3. Start packing. Some cities pay higher - much higher - for the same profession based on supply and demand and cost of living. PayScale.com shows a software developer with five years experience in Miami can boost his salary 69 percent by moving to San Francisco, and an experienced dental hygienist in Memphis, Tenn., earns 77 percent more in Chicago. Be sure to run a cost of living comparison to ensure higher housing, taxes, and other cost adjustments won't eat up a pay increase in your targeted city.

4. Boost your knowledge. Achieving a substantial pay increase sometimes means changing careers or earning an advanced degree in your current field. If you've hit the glass ceiling in your profession, going back to school for a degree with higher earning potential or getting additional training may be the answer. For instance Payscale.com shows a copywriter who majored in English averaging $41,065 could command an average salary of $79,718 in business after earning an MBA. Kailei Richardson says earning her MBA helped her double her salary after working as a consultant for a major firm. "If you look at pure salary, I made a 47 percent increase in salary.
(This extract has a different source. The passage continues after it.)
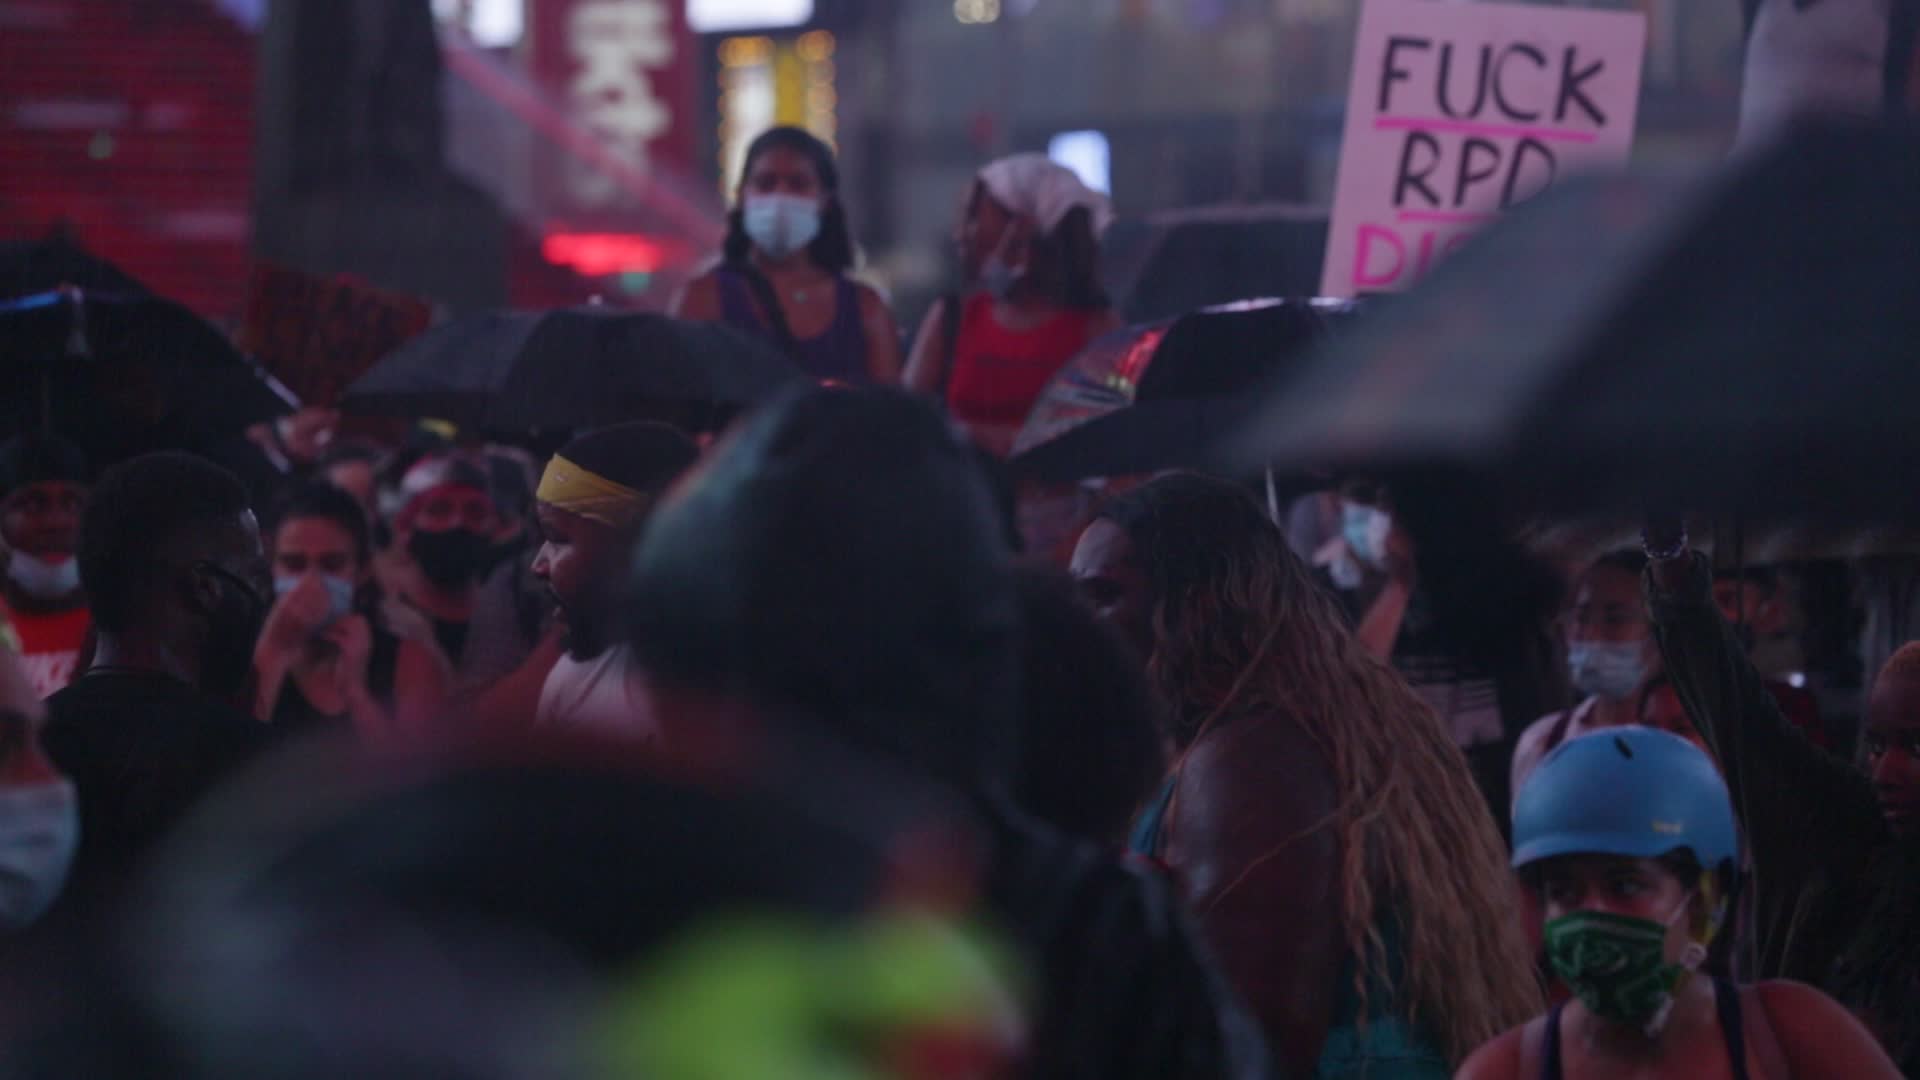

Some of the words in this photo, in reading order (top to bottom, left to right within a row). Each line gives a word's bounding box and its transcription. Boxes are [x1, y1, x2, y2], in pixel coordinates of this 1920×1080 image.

[1378, 35, 1606, 126] FUCK
[1394, 131, 1556, 207] RPD
[1354, 224, 1473, 287] DI
However, if you look at my first year salary factoring in signing bonus, I had an 86 percent increase, but including relocation it was a 106 percent increase," says Richardson who now works as a marketing manager in Dallas.

5. Consult a career coach. Many high achievers have that je ne c'est quoi. One way to increase your pay is to learn the secrets of their success. A career coach can assess career pitfalls and help propel professionals to executive ranks. Books such as Leadership on the Line by Ronald Heifetz or Moral Mazes by Robert Jackall also offer smart insights to the nuances of corporate success. Often people don't realize that while performance is important to success, personality and knowing how to navigate the system are probably equally important, if not more so.
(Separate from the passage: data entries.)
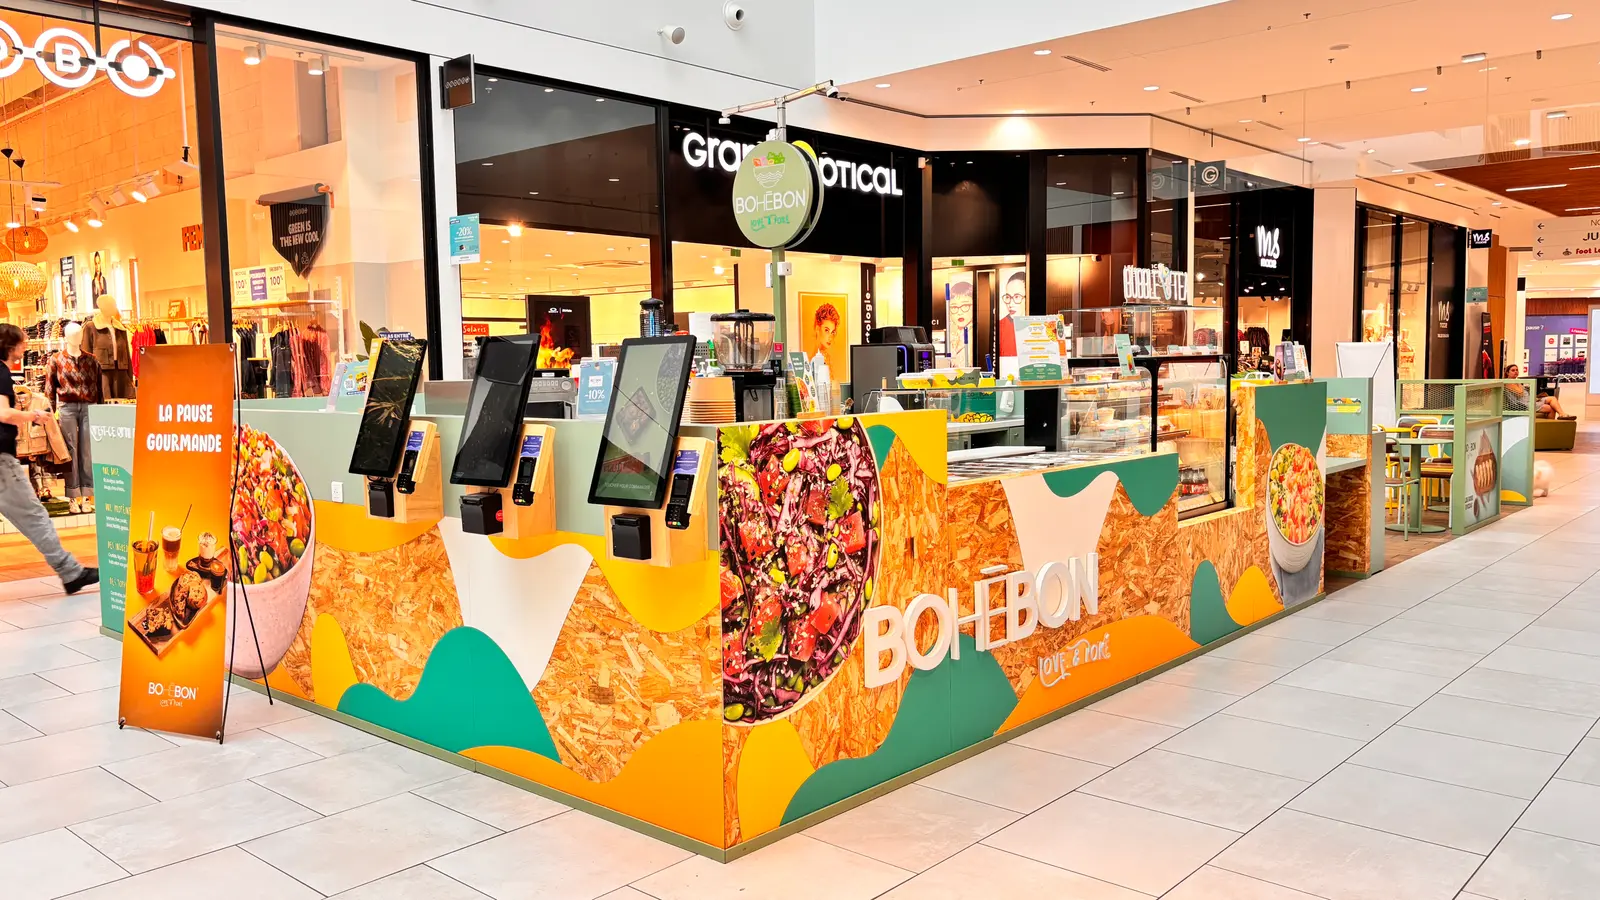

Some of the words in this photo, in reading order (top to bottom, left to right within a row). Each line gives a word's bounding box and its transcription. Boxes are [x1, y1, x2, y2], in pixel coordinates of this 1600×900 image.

[288, 222, 305, 234] GREEN
[305, 220, 311, 231] IS
[280, 236, 292, 248] THE
[304, 231, 319, 243] COOL
[584, 389, 606, 400] -10%
[158, 404, 173, 422] LA
[176, 403, 213, 423] PAUSE
[146, 433, 222, 453] GOURMANDE
[1038, 652, 1071, 687] LOVE
6. Go solo. If you are experienced in your field and have good contacts, going the independent contractor route can be highly lucrative. Industries such as IT, law, business, and medicine are just a few that pay big to contractors. "Contracting afforded me the opportunity to see a return based on expertise and hours worked.  As a salaried employee [at my old company], my yearly assessment didn't factor in current market rates," says Wayne Nelson, a web applications developer in Atlanta, who switched companies and his status from full time to contractor this year. He says he doubled his salary in one move. He notes that being proficient in the most in-demand coding languages and the major database systems increase marketability in web development.

There is a downside: Independent contractors often foot their own bill for health insurance, must manage their own employment taxes, and have unpaid vacations. They also lose out on the perks of 401K matching. However, Nelson says he found retirement strategies and a health insurance plan that greatly offset the compensation loss from a full-time benefits package.